How is lung cancer diagnosed?
Patients have better outcomes when lung cancer is detected as early as possible. The disease can be diagnosed in different ways, depending on:
- Your personal history and family medical history
- Your symptoms
- Results of a physical exam to check your general health and signs of disease, such as lumps or other unusual physical findings
If you have smoked for many years, you should consider being screened for lung cancer every year. This applies if you’re between 50 and 80 years old and you currently smoke or if you quit within the past 15 years and have smoked for at least 20 pack years.
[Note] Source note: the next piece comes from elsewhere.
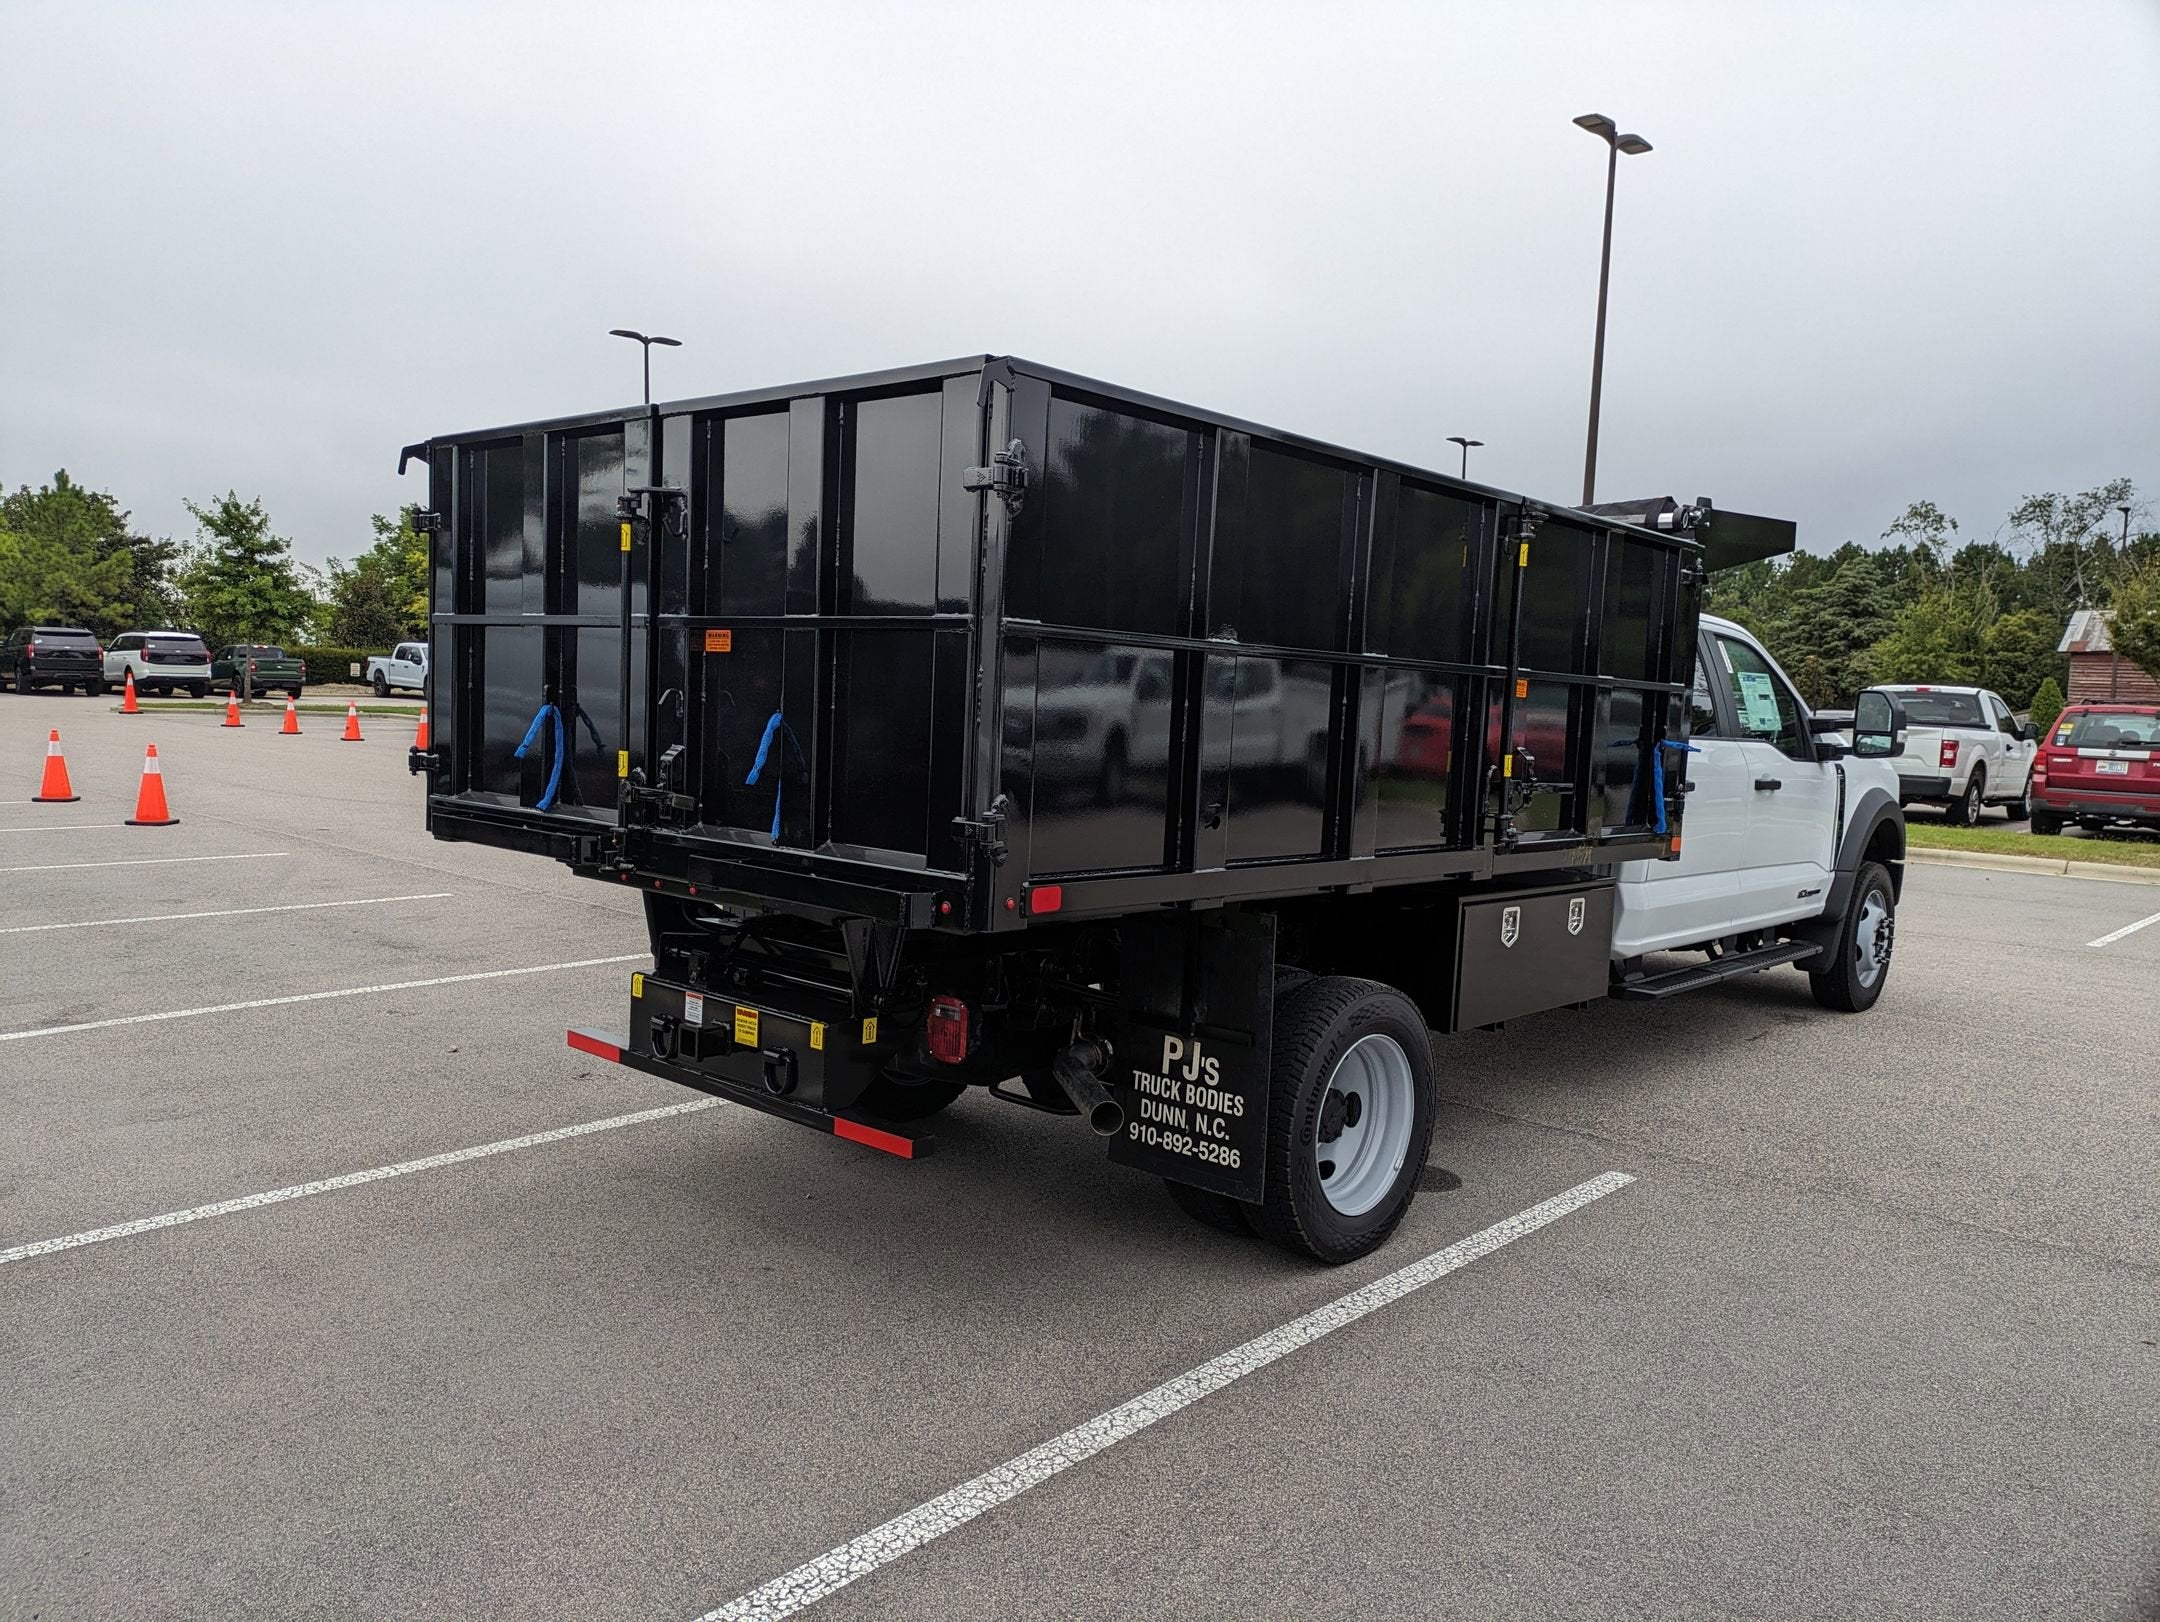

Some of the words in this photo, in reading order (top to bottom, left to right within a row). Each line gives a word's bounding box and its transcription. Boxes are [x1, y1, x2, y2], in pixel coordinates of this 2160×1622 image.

(“Pack years” are calculated by multiplying the number of packs you smoke per day by the number of years you’ve smoked. For example, if you smoked one pack a day for 20 years or two packs a day for 10 years, you have a 20 pack-year history.)
Screening for lung cancer is done using low-dose computed tomography (CT), or LDCT. In this test, an X-ray machine scans the body from a variety of angles using low doses of radiation to create detailed images of the lungs.
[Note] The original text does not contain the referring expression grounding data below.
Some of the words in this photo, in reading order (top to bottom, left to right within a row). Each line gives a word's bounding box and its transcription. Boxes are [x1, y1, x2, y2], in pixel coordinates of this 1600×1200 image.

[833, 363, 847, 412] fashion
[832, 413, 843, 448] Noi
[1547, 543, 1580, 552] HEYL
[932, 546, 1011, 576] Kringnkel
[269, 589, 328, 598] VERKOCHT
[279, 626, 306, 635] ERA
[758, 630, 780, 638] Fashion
Additional tests can help confirm or rule out suspected lung cancer. These include:
Lab tests for lung cancer
Your HCP will test samples of your blood, urine, or other substances in the body. These tests can help your HCP diagnose lung cancer, develop a treatment plan, check how well treatments are working, and monitor the disease over time.
Imaging scans to detect lung cancer
Using imaging tests for lung cancer might start with a chest X-ray to view the organs and tissues inside your chest. Although this isn’t the most effective method for lung cancer screening, a tumor may show up on an X-ray you have received for another health issue.
If your HCP suspects lung cancer, they may order more imaging tests to view a suspicious growth in greater detail. This might include a:
- Computed tomography (CT) scan
- Positron emission tomography (PET) scan: This test uses a radioactive substance called a tracer that’s injected into your bloodstream and viewed through a special camera to see whether lung cancer cells have spread to lymph nodes or other areas of your body. A PET scan is often used in conjunction with a CT scan to create a 3D image that shows areas of rapid cancer cell growth and distinguishes between benign and malignant masses.
Once lung cancer is diagnosed, your HCP may advise that you have a bone scan to determine if cancer cells have spread to your bones. In this procedure, a small amount of radioactive material is injected into a vein and then travels through the bloodstream and into the bones. A scanner is then used to detect whether any damage has occurred in the bones.
Biopsy of cell, tissue, or fluid samples
Your HCP will remove a small sample of cells, tissue, or fluid from the lung or from nearby tissue. There are many ways to perform a biopsy for lung cancer. Examples include:
- Bronchoscopy: Your HCP passes a lighted, flexible tube called a bronchoscope through the mouth or nose and into the large airways of the lungs to remove samples.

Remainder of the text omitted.